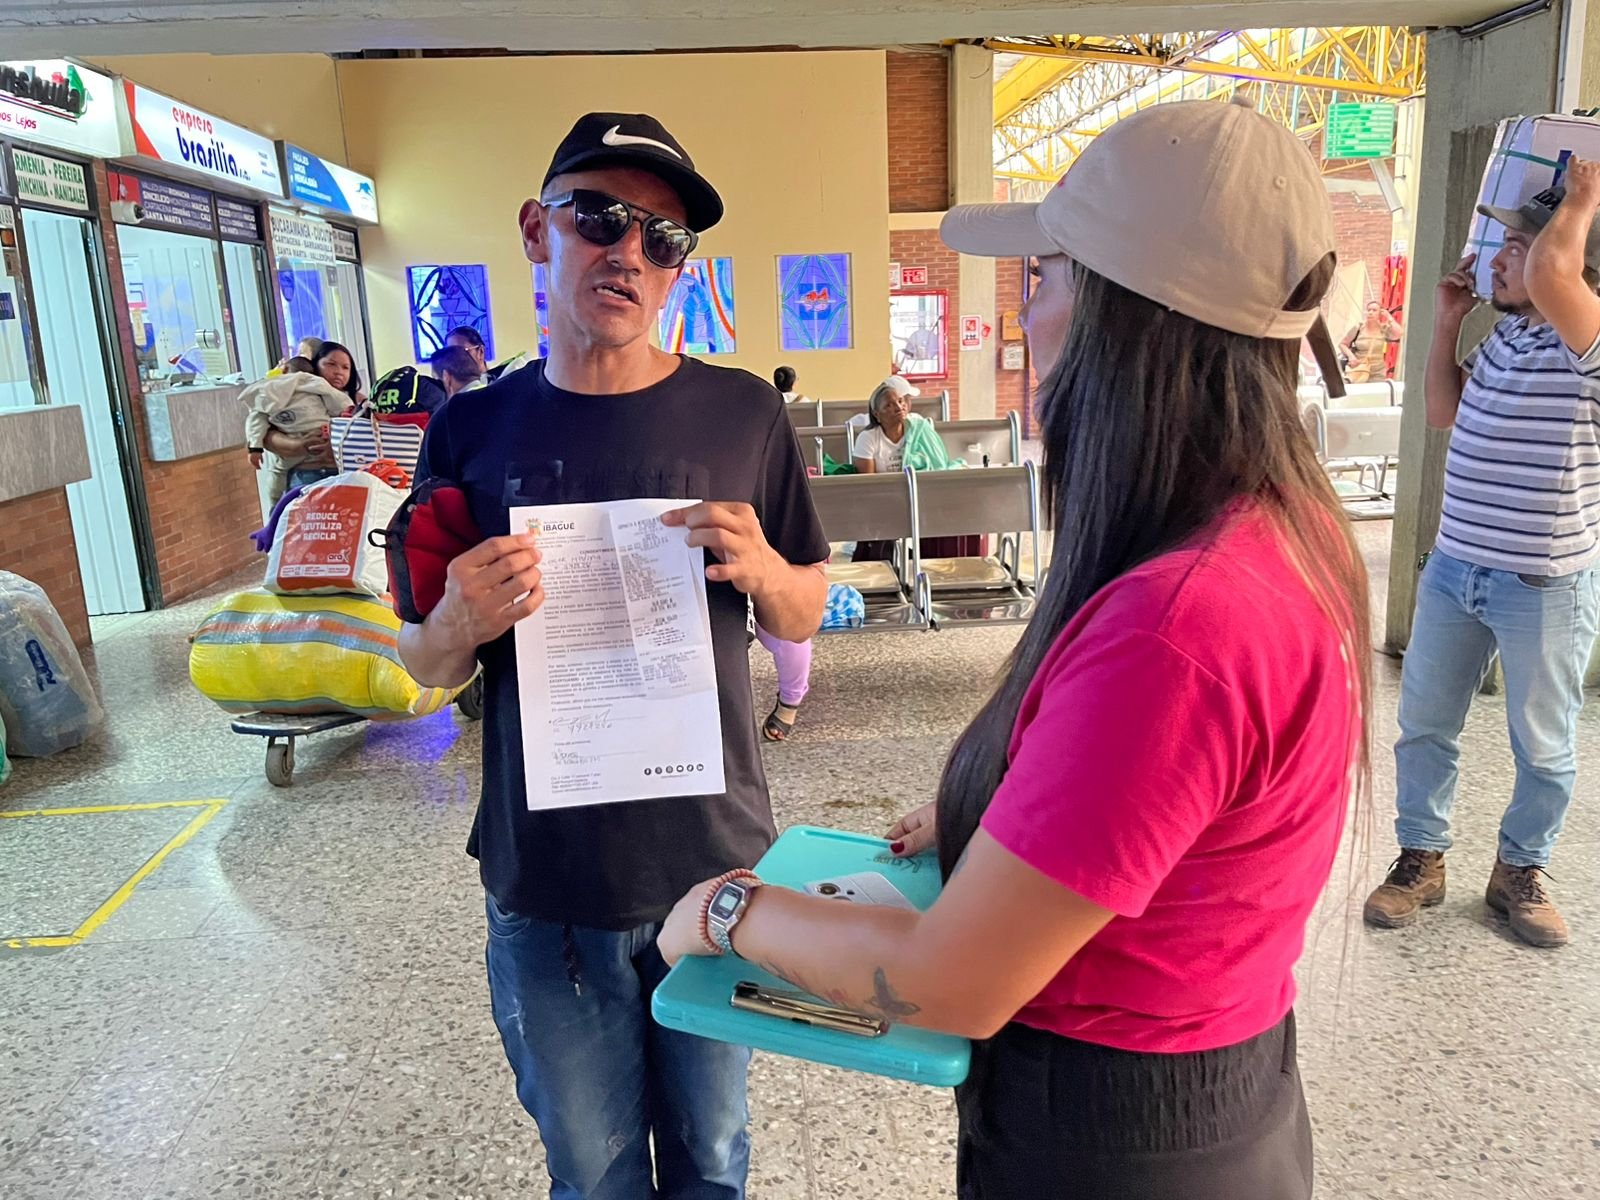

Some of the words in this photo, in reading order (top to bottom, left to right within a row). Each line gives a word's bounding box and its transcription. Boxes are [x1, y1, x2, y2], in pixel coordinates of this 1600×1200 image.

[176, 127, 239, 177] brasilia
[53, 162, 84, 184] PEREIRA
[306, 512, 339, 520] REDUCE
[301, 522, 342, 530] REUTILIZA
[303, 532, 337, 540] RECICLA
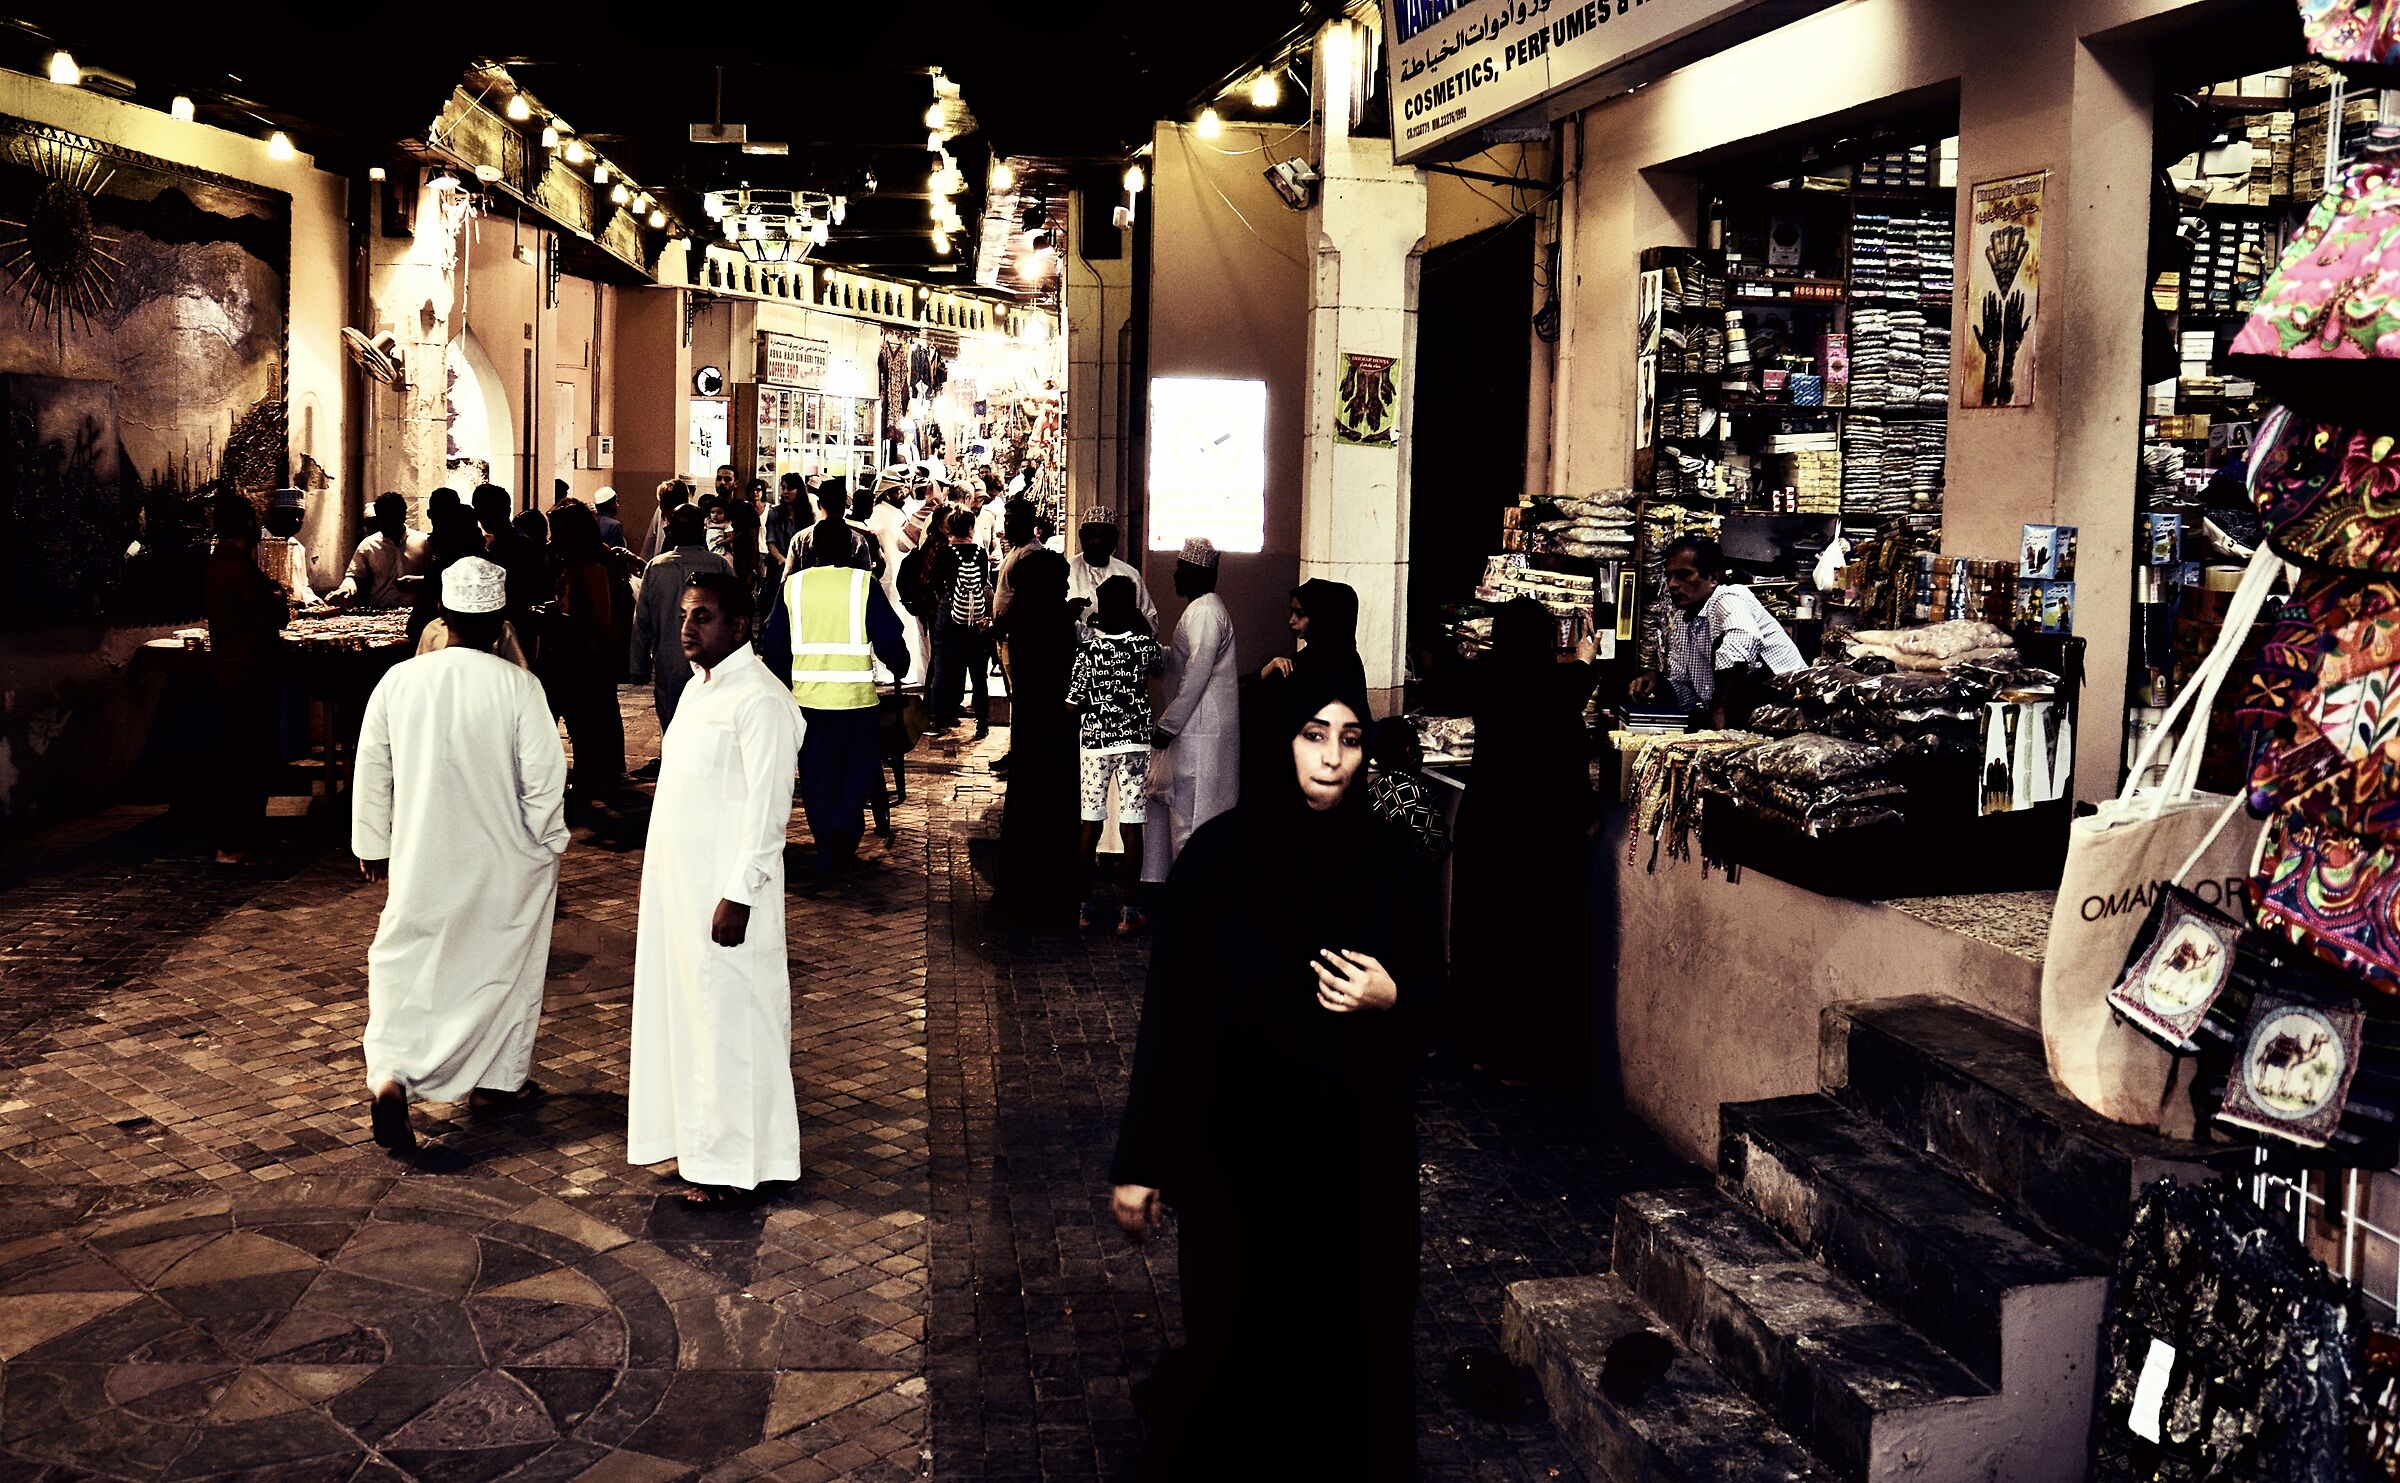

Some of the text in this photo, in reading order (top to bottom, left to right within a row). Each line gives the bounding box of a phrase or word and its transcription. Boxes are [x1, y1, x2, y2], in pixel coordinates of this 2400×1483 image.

———

### What this task involves
Please set down the data above exactly as given, leaving every picture out.

### Response for this exercise
Some of the words in this photo, in reading order (top to bottom, left to right within a row). Each line gives a word's bounding box and its transcription. Boxes are [x1, y1, x2, y2], in pixel coordinates of this 1600×1200 image.

[176, 127, 239, 177] brasilia
[53, 162, 84, 184] PEREIRA
[306, 512, 339, 520] REDUCE
[301, 522, 342, 530] REUTILIZA
[303, 532, 337, 540] RECICLA

Some of the text in this photo, in reading order (top to bottom, left to right within a row). Each line gives the bounding box of a phrase or word and its transcription. Boxes are [x1, y1, x2, y2], in pixel coordinates of this 2400×1483 image.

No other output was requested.